となると、レースは序盤からエスケープを画策する選手が多数入り乱れ、ようやく20kmを超えたあたりでティム・デクレルク、アントニー・ドゥラプラス、アントニー・テュルジスの3人による逃げが決まる。中間スプリントではメイン集団をトップで通過したフィリップセンが5ポイントを獲得してマイヨ・ヴェール固め。

対象的に、残り60kmを過ぎたところで集団内で落車が発生、なんとマーク・カヴェンディッシュが起き上がれず、すぐに救護車に乗ってリタイア。ツール・ド・フランスで有終の美を飾るはずが、あっけなく終了してしまった・・・

そして残り8kmの地点で、メイン集団は最後まで粘っていたテュルジスを吸収。意外にもスプリンターが脱落せずに残っていたので、ピーダスン擁するリドル・トレックチームが牽引しながらラストスプリント。

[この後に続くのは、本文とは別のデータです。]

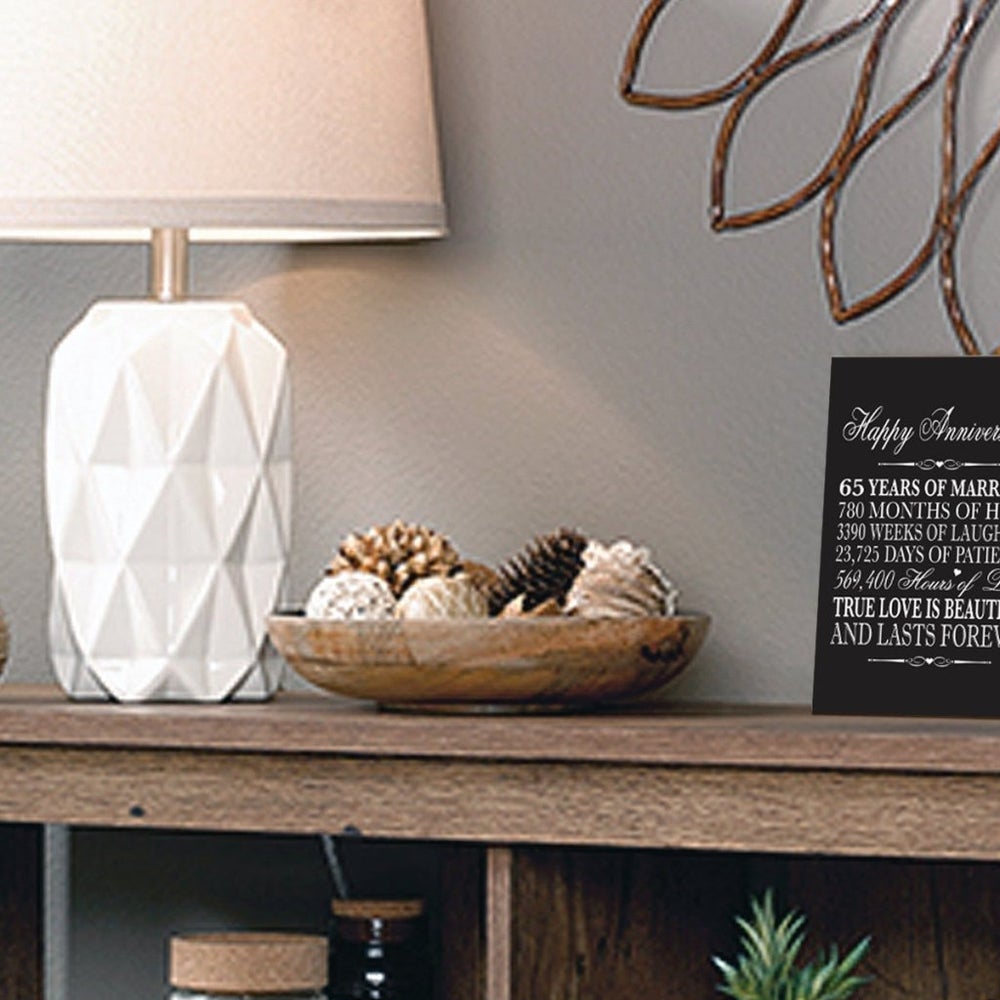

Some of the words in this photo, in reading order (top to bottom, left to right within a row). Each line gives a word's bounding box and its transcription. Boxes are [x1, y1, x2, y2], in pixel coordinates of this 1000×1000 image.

残り300mでファンアールトを牽引するラポルトが先頭に立つが途中で息切れ、右からピーダスンが早めのアタックを仕掛けるとファンアールトの反応が遅れ、左からフィリップセンが捲りに入る。が、フィリップセンの伸びが足りずファンアールトが猛追するが時すでに遅し、ピーダスンが逃げ切って今大会初勝利。

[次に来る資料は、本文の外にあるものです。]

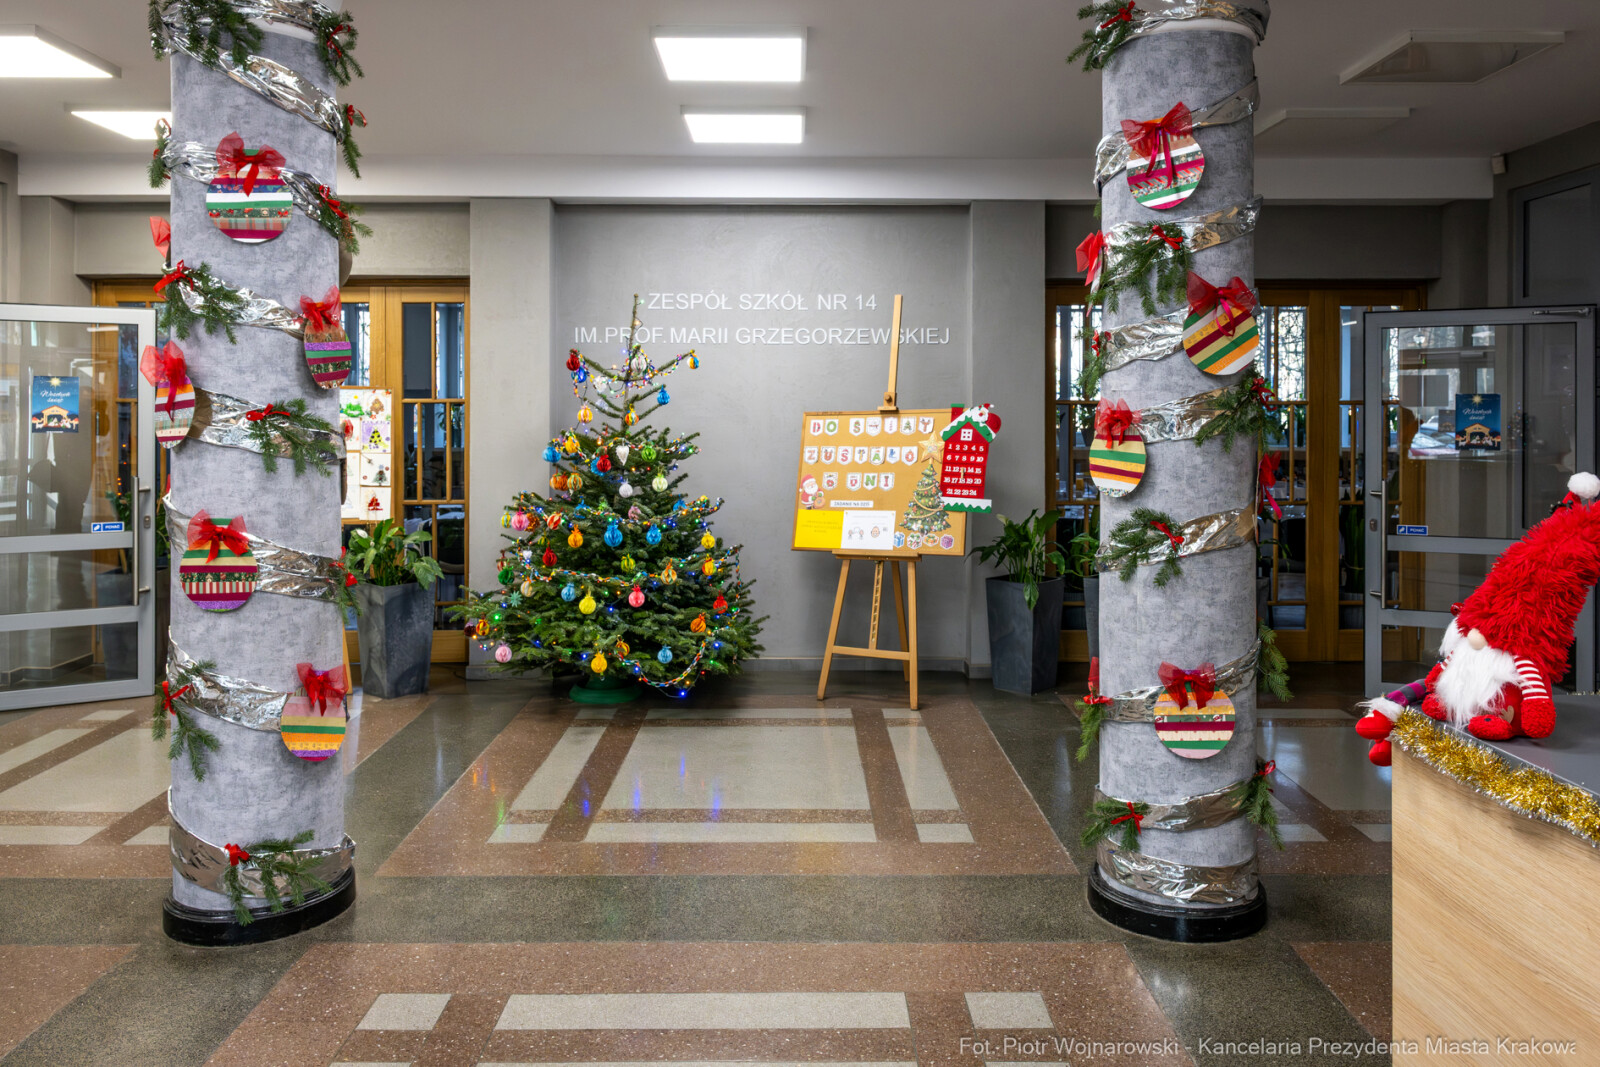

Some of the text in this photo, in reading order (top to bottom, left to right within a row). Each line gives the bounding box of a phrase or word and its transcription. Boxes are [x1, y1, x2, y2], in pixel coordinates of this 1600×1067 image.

[647, 290, 878, 311] ZESPÓŁ SZKÓŁ NR 14
[812, 420, 837, 433] DO

そして第9ステージは、サン・レオナール・ド・ノブラをスタートし、3級と4級の軽い山岳をこなした後、35年ぶりとなる伝説の超級山岳、ピュイ・ド・ドームをゴールとする勝負どころ。

レースはスタートから14人が逃げ出した後、メイン集団は前方で蓋をしてアタック合戦はここで終了の合図。そのまま逃げ集団はどんどんと差を広げて一時は12分以上の差をつける状態。逃げの中に入った山岳賞のパウレスは、今回も地道にポイント稼ぎ。

3級山岳ポントミュール峠の下りでマッテオ・ヨルゲンソンが1人で抜け出し後続と差を広げ、超級山岳ピュイ・ド・ドームに差し掛かった時点で1分の差を稼ぐ。そしてメイン集団はヨルゲンソンから15分後にピュイ・ド・ドームへ突入。

13kmの上りのうち、残り4kmが11%超えというツールにしては珍しい激坂で、さぞかし観客が凄いことになるかと思ったら、ピュイ・ド・ドームの頂上付近は自然公園に指定されて無観客。道路も普段は通行禁止で、アプト式の鉄道だけがアクセスする手段になっているらしい。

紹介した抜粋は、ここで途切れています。